Please return each of the entries exactly, minus their pictures.

START SUPPLIED DATA

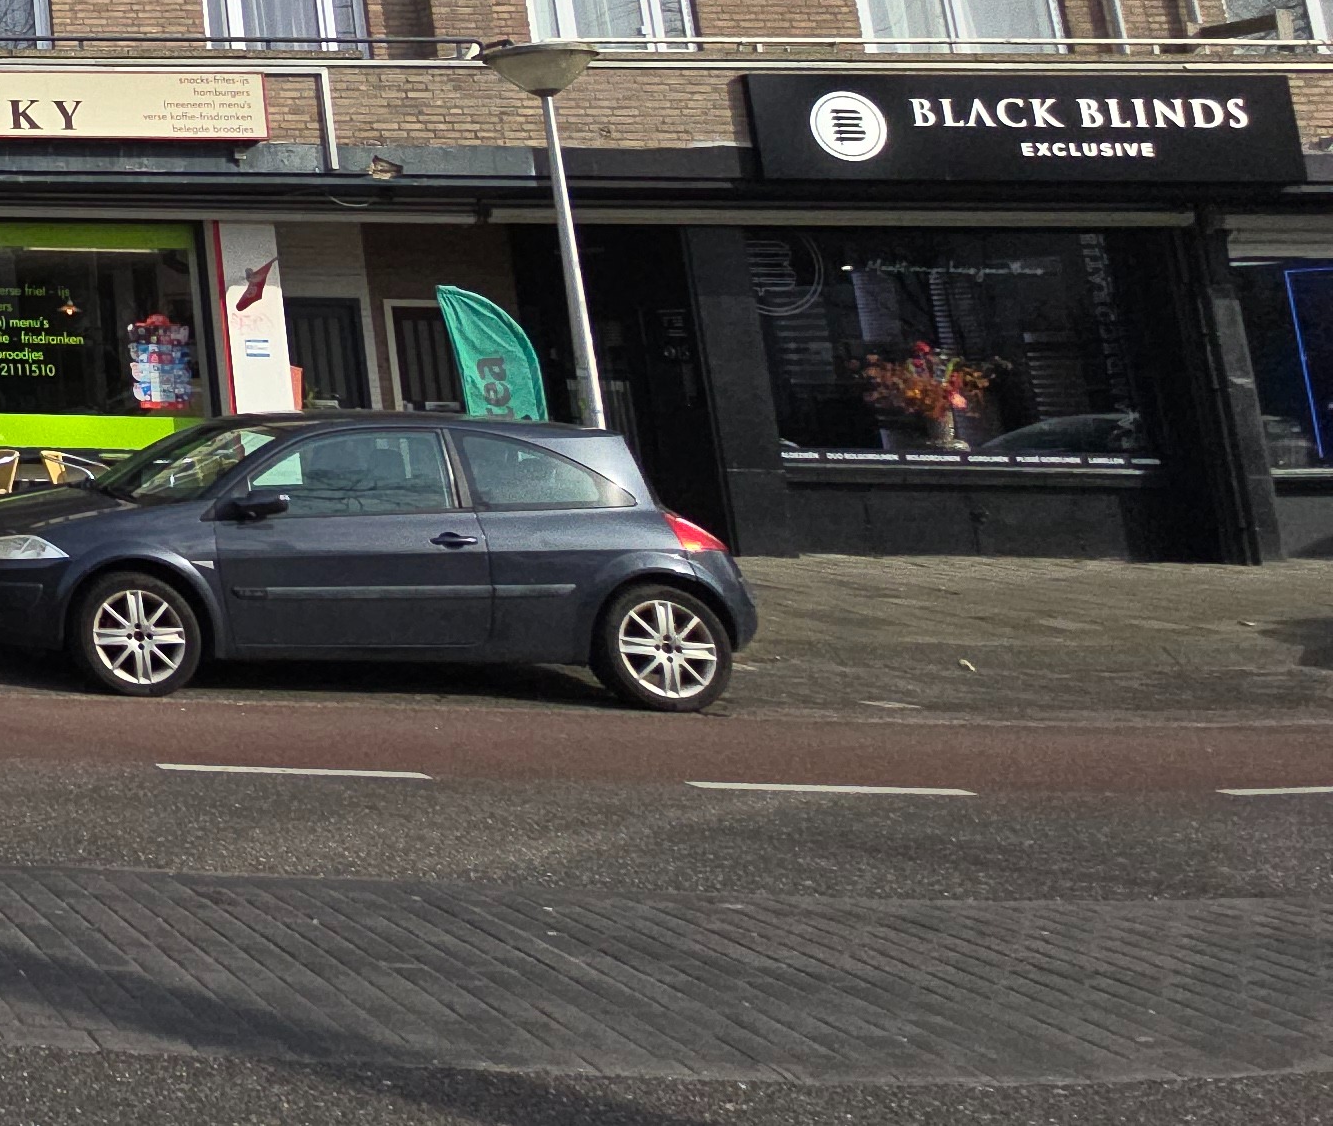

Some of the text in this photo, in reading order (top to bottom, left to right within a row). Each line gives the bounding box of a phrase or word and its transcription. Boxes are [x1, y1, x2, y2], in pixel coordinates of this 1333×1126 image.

[178, 75, 250, 86] snacks-frites-ijs
[193, 87, 251, 98] hamburgers
[163, 99, 252, 110] (meeneem) menu's
[170, 111, 253, 121] koffie-frisdranken
[909, 97, 1249, 129] BLACK BLINDS
[171, 123, 254, 135] belegde broodjes
[1020, 141, 1156, 158] EXCLUSIVE
[24, 284, 46, 296] friet
[58, 286, 70, 300] ijs
[9, 317, 50, 328] menu's
[21, 330, 85, 345] frisdranken
[0, 363, 56, 377] 2111510
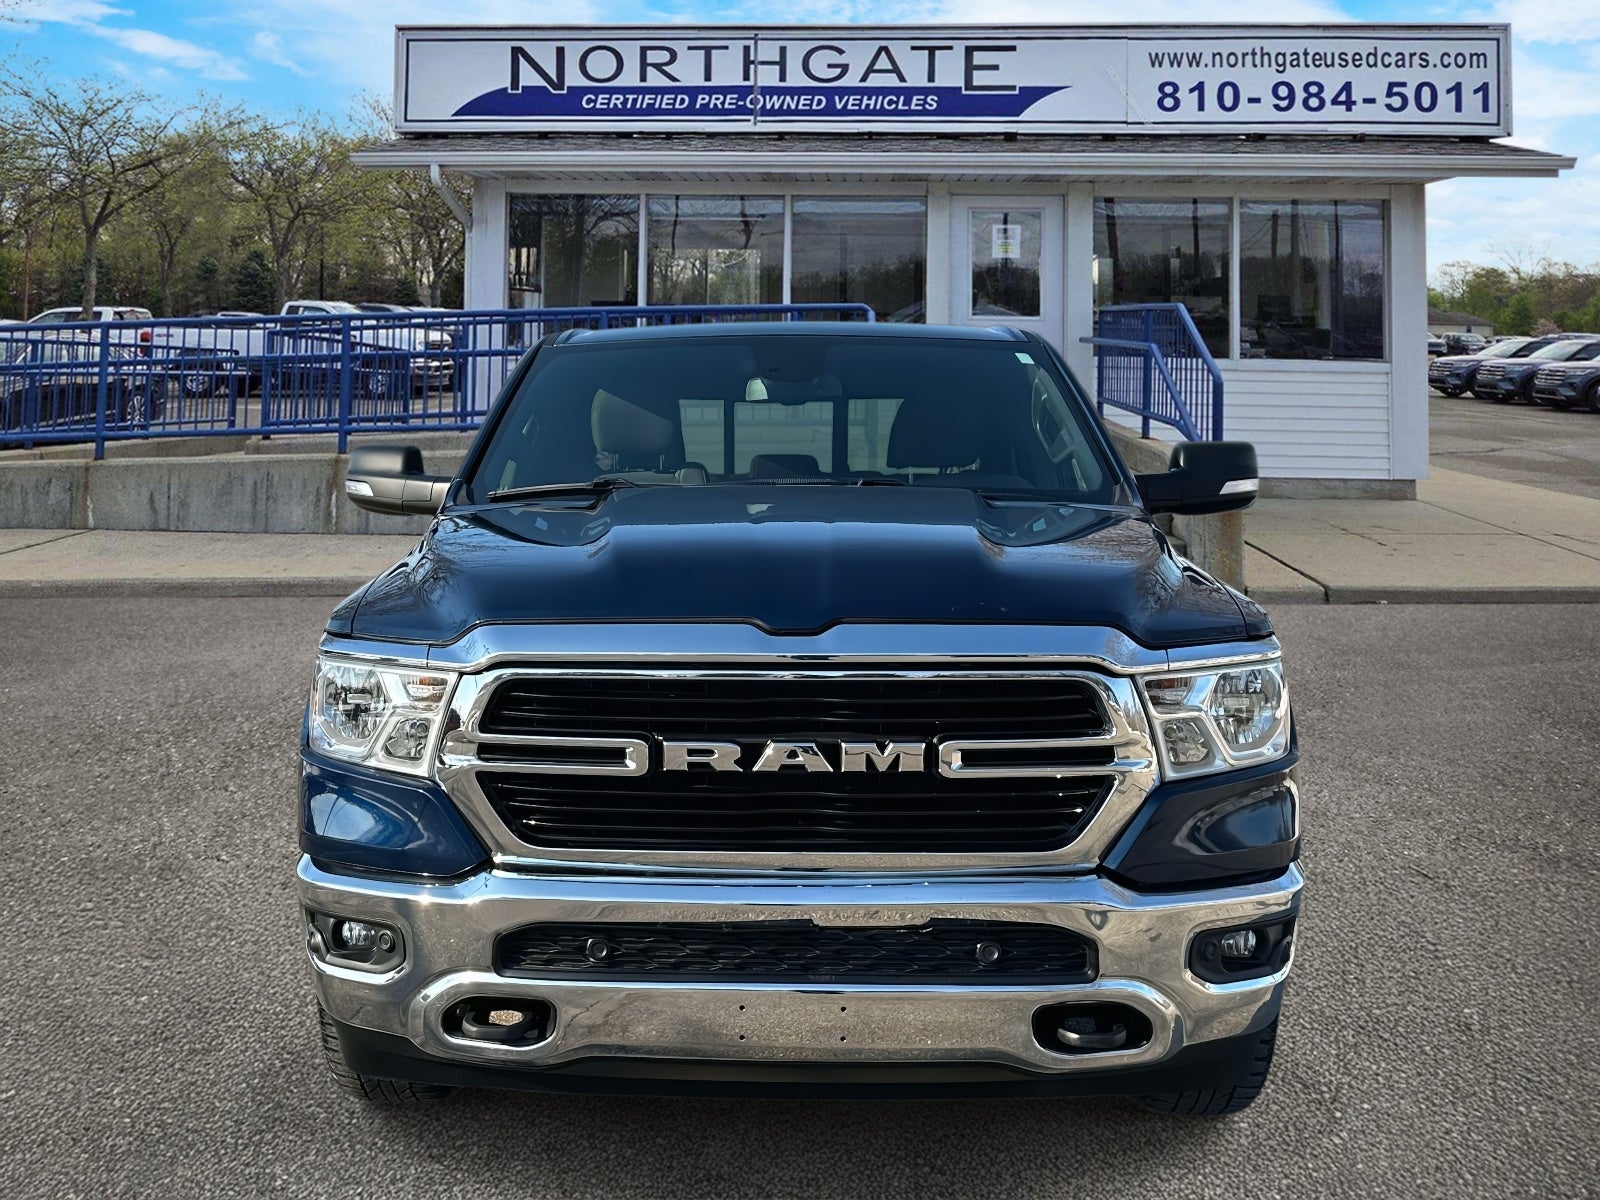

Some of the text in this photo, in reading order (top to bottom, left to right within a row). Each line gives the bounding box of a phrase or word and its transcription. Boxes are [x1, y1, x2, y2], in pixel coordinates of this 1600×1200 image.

END SUPPLIED DATA

● PROBLEM SOLUTION:
Some of the text in this photo, in reading order (top to bottom, left to right within a row). Each line gives the bounding box of a phrase or word and its transcription. Boxes are [x1, y1, x2, y2], in pixel coordinates of this 1333×1126 image.

[178, 75, 250, 86] snacks-frites-ijs
[193, 87, 251, 98] hamburgers
[163, 99, 252, 110] (meeneem) menu's
[170, 111, 253, 121] koffie-frisdranken
[909, 97, 1249, 129] BLACK BLINDS
[171, 123, 254, 135] belegde broodjes
[1020, 141, 1156, 158] EXCLUSIVE
[24, 284, 46, 296] friet
[58, 286, 70, 300] ijs
[9, 317, 50, 328] menu's
[21, 330, 85, 345] frisdranken
[0, 363, 56, 377] 2111510

Some of the text in this photo, in reading order (top to bottom, left to right within a row). Each line gives the bounding box of a phrase or word and its transcription. Boxes are [x1, y1, x2, y2], in pixel coordinates of this 1600×1200 image.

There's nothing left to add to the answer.